Appellant was the subject of a protection order for the year leading up to the filing of the

petition for adoption.

{¶8} Appellant is now in the early stages of a five-year prison sentence based on

violent acts perpetrated against another victim.

{¶9} Leading up to the filing of the petition for adoption, there was an encounter

with Appellant and the child at Wal-Mart which was brief and occurred by accident. This

encounter took place in April, 2014, over a year before the filing of the adoption petition.

{¶10} Appellant also testified that he gave his sister presents and a card to give

to the child in December, 2014. Those items were actually given by his sister to the child’s

mother, and she testified that she did not provide the items to the child.
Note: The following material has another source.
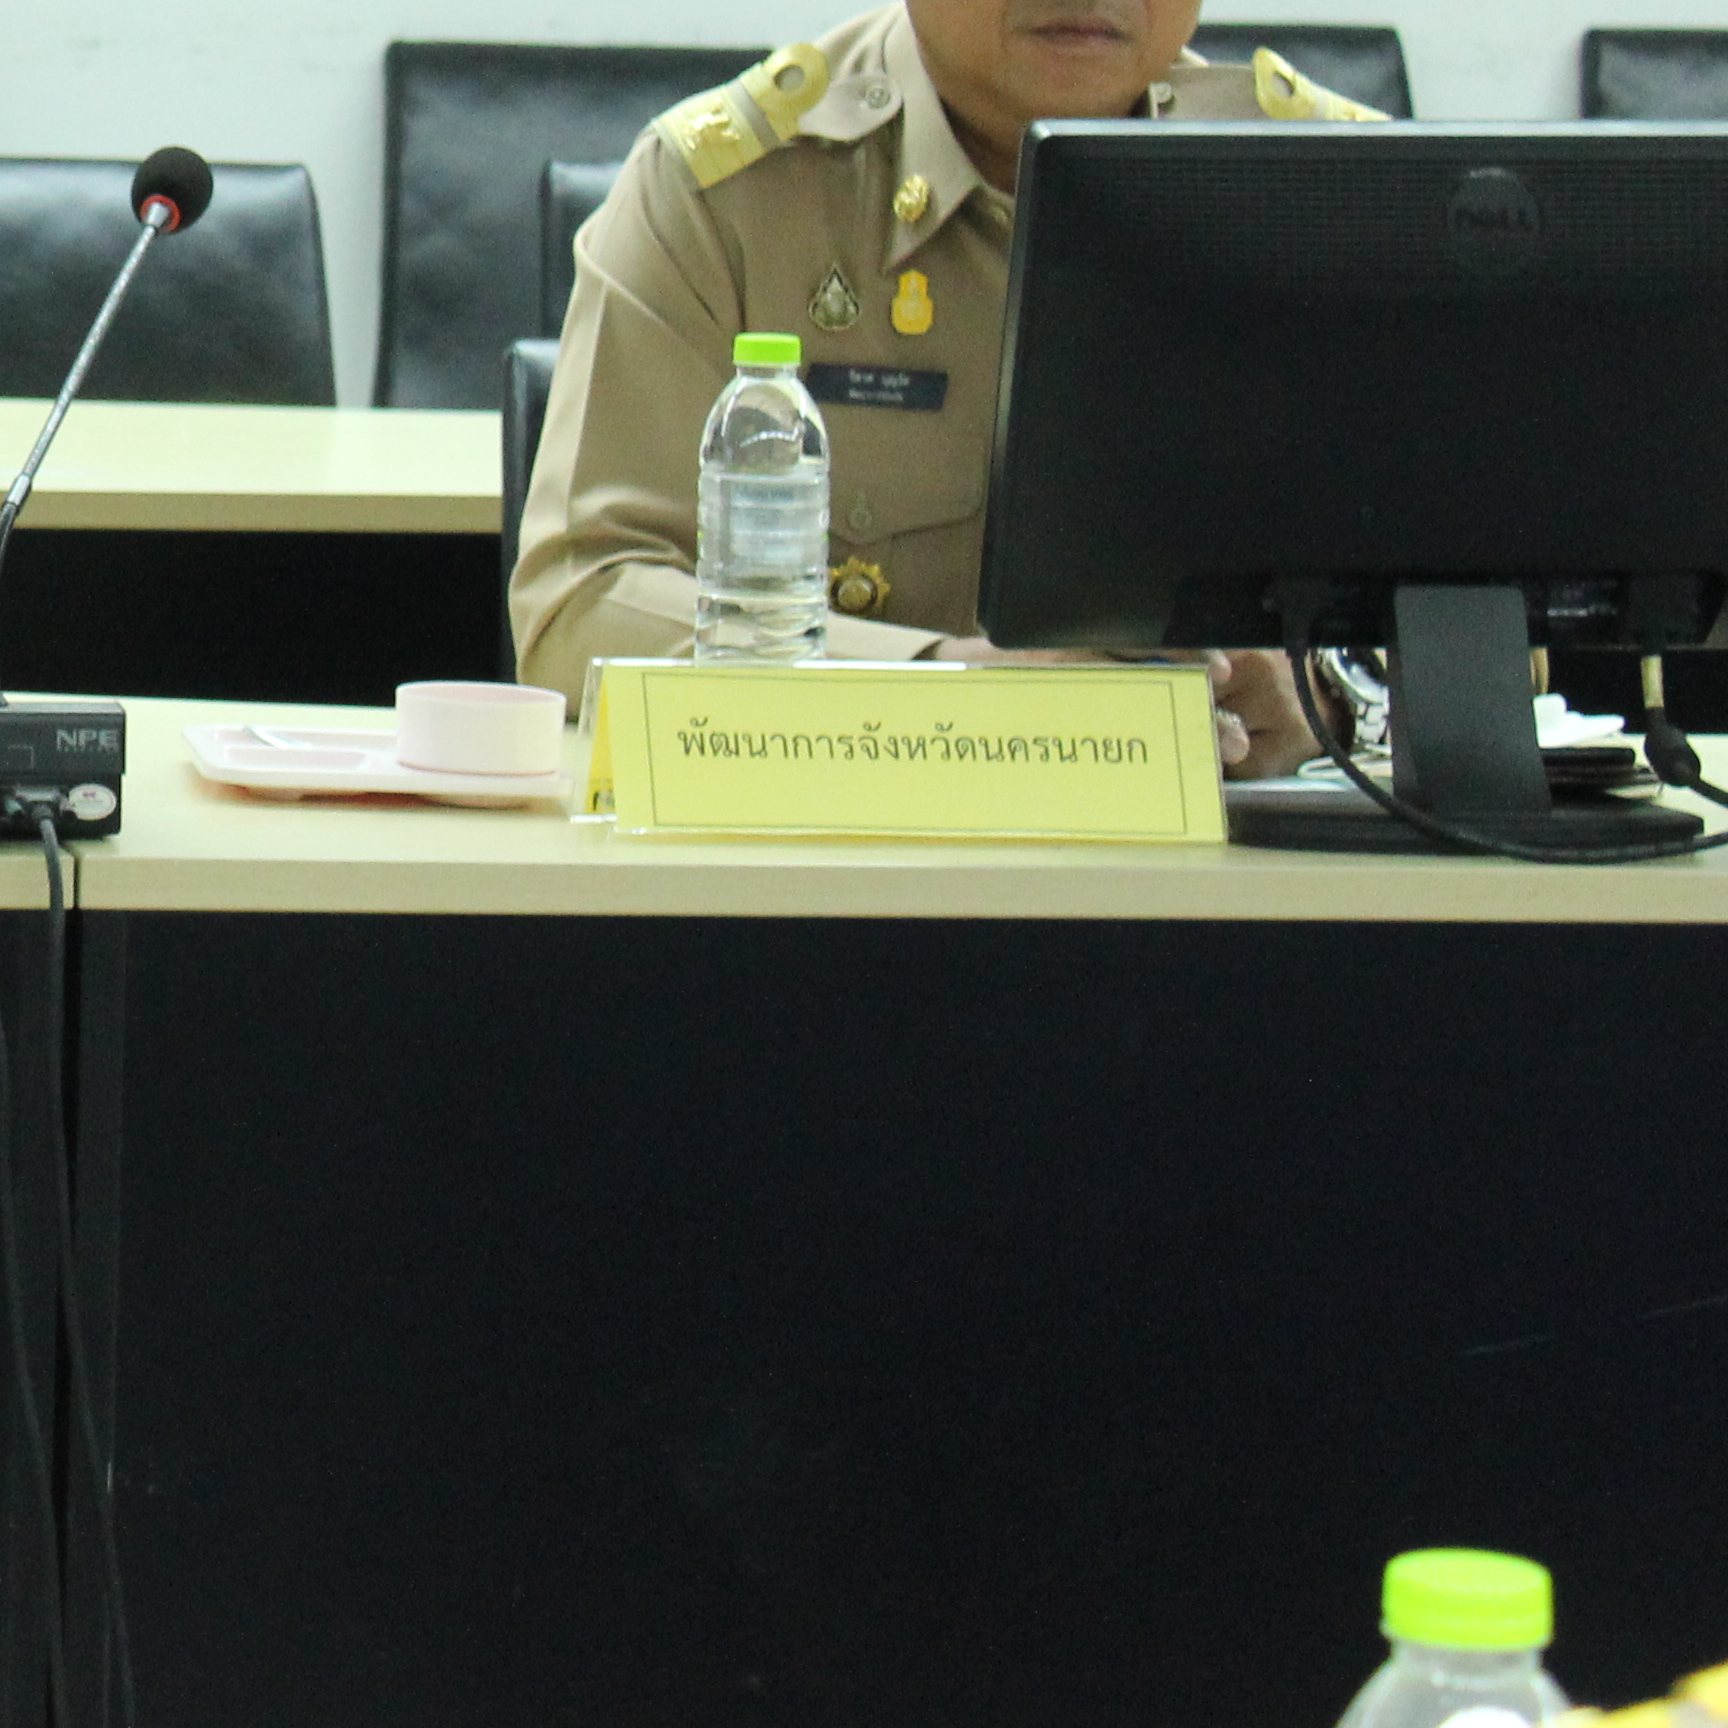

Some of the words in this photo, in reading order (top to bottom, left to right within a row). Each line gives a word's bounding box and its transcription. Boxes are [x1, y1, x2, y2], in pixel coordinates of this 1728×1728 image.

[56, 729, 119, 747] NPE
[677, 716, 1149, 765] พัฒนาการจังหวัดนครนายก
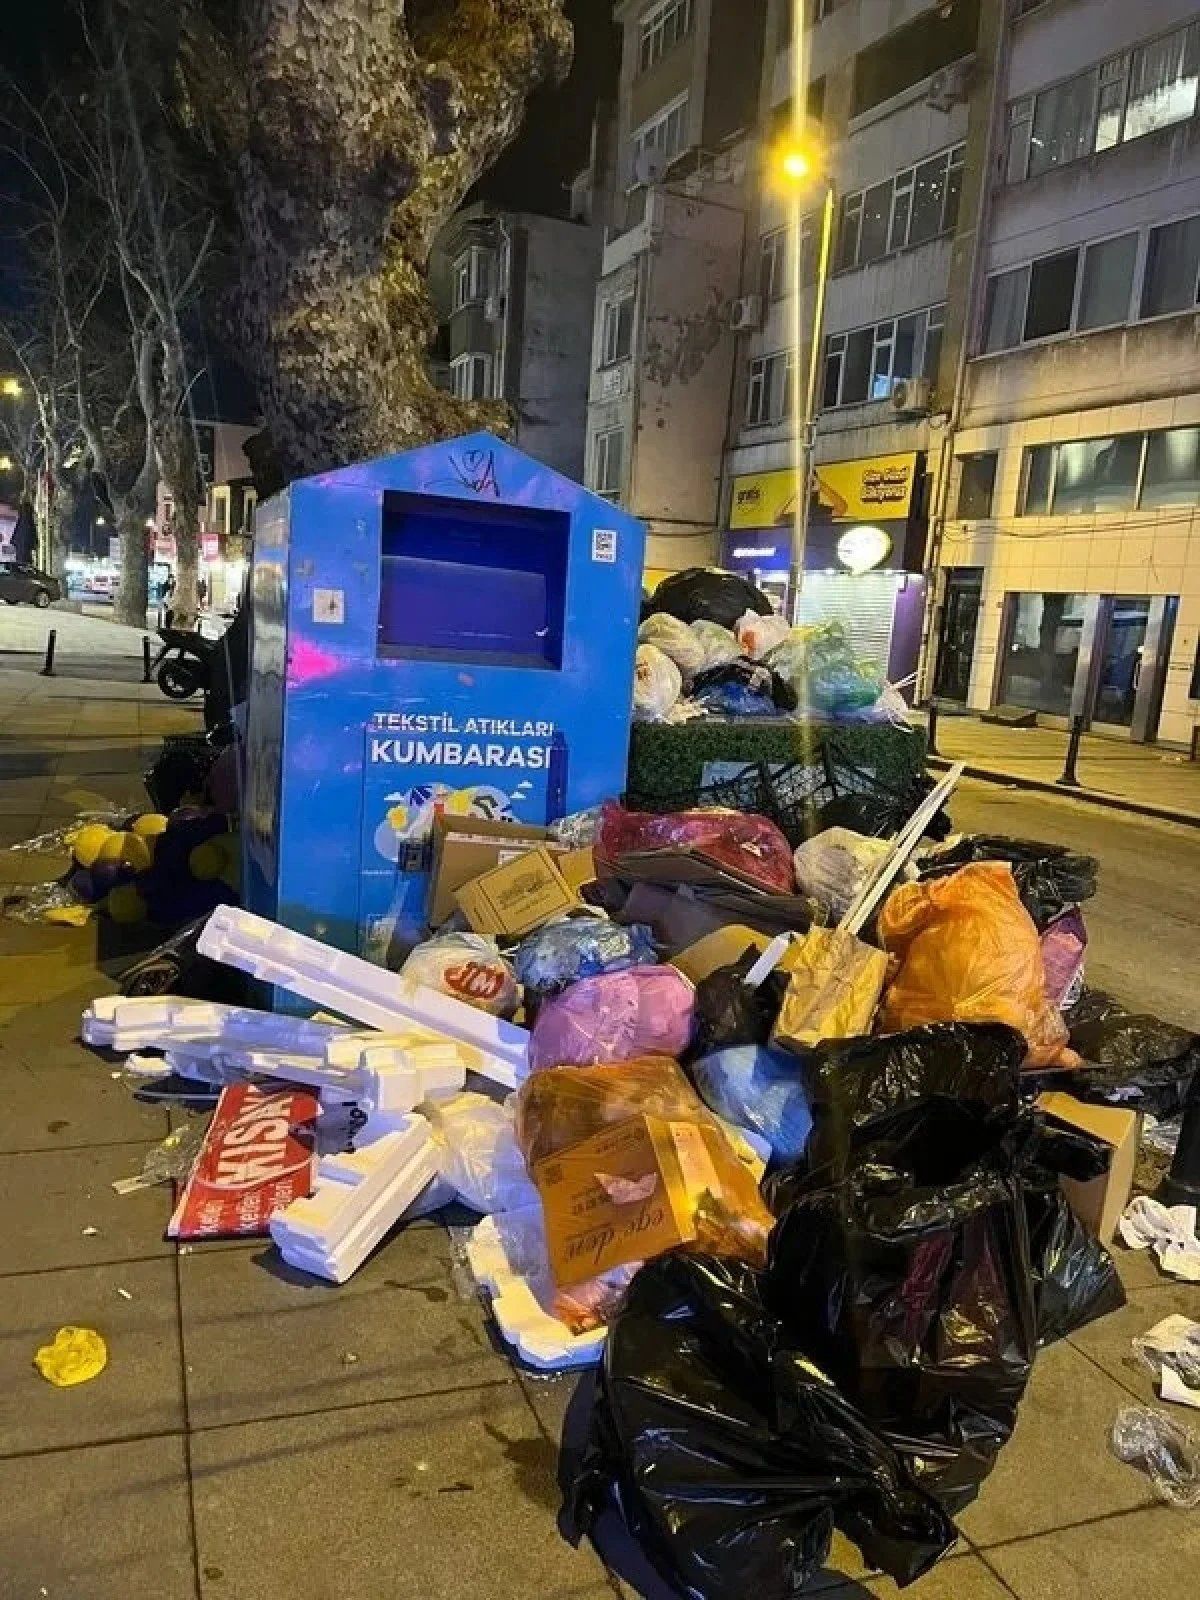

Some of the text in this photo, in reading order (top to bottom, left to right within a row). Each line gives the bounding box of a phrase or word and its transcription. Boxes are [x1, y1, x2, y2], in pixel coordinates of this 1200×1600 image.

{¶11} The evidence lastly established that Appellee Timothy Mack is married to

the child's mother, and there are other children in the home. Both Appellee and the mother

are employed.

{¶12} On April 28, 2016, the Probate Court granted the petition for adoption

finding, among other things, that Appellant's consent was not required.

{¶13} Appellant timely filed a notice of appeal and herein raises the following

Assignments of Error:

ASSIGNMENTS OF ERROR

{¶14} “I. THE TRIAL COURT ERRED IN THAT IT DENIED APPOINTMENT OF

COUNSEL TO APPELLANT DURING PROCEEDINGS. Ashland County, Case No.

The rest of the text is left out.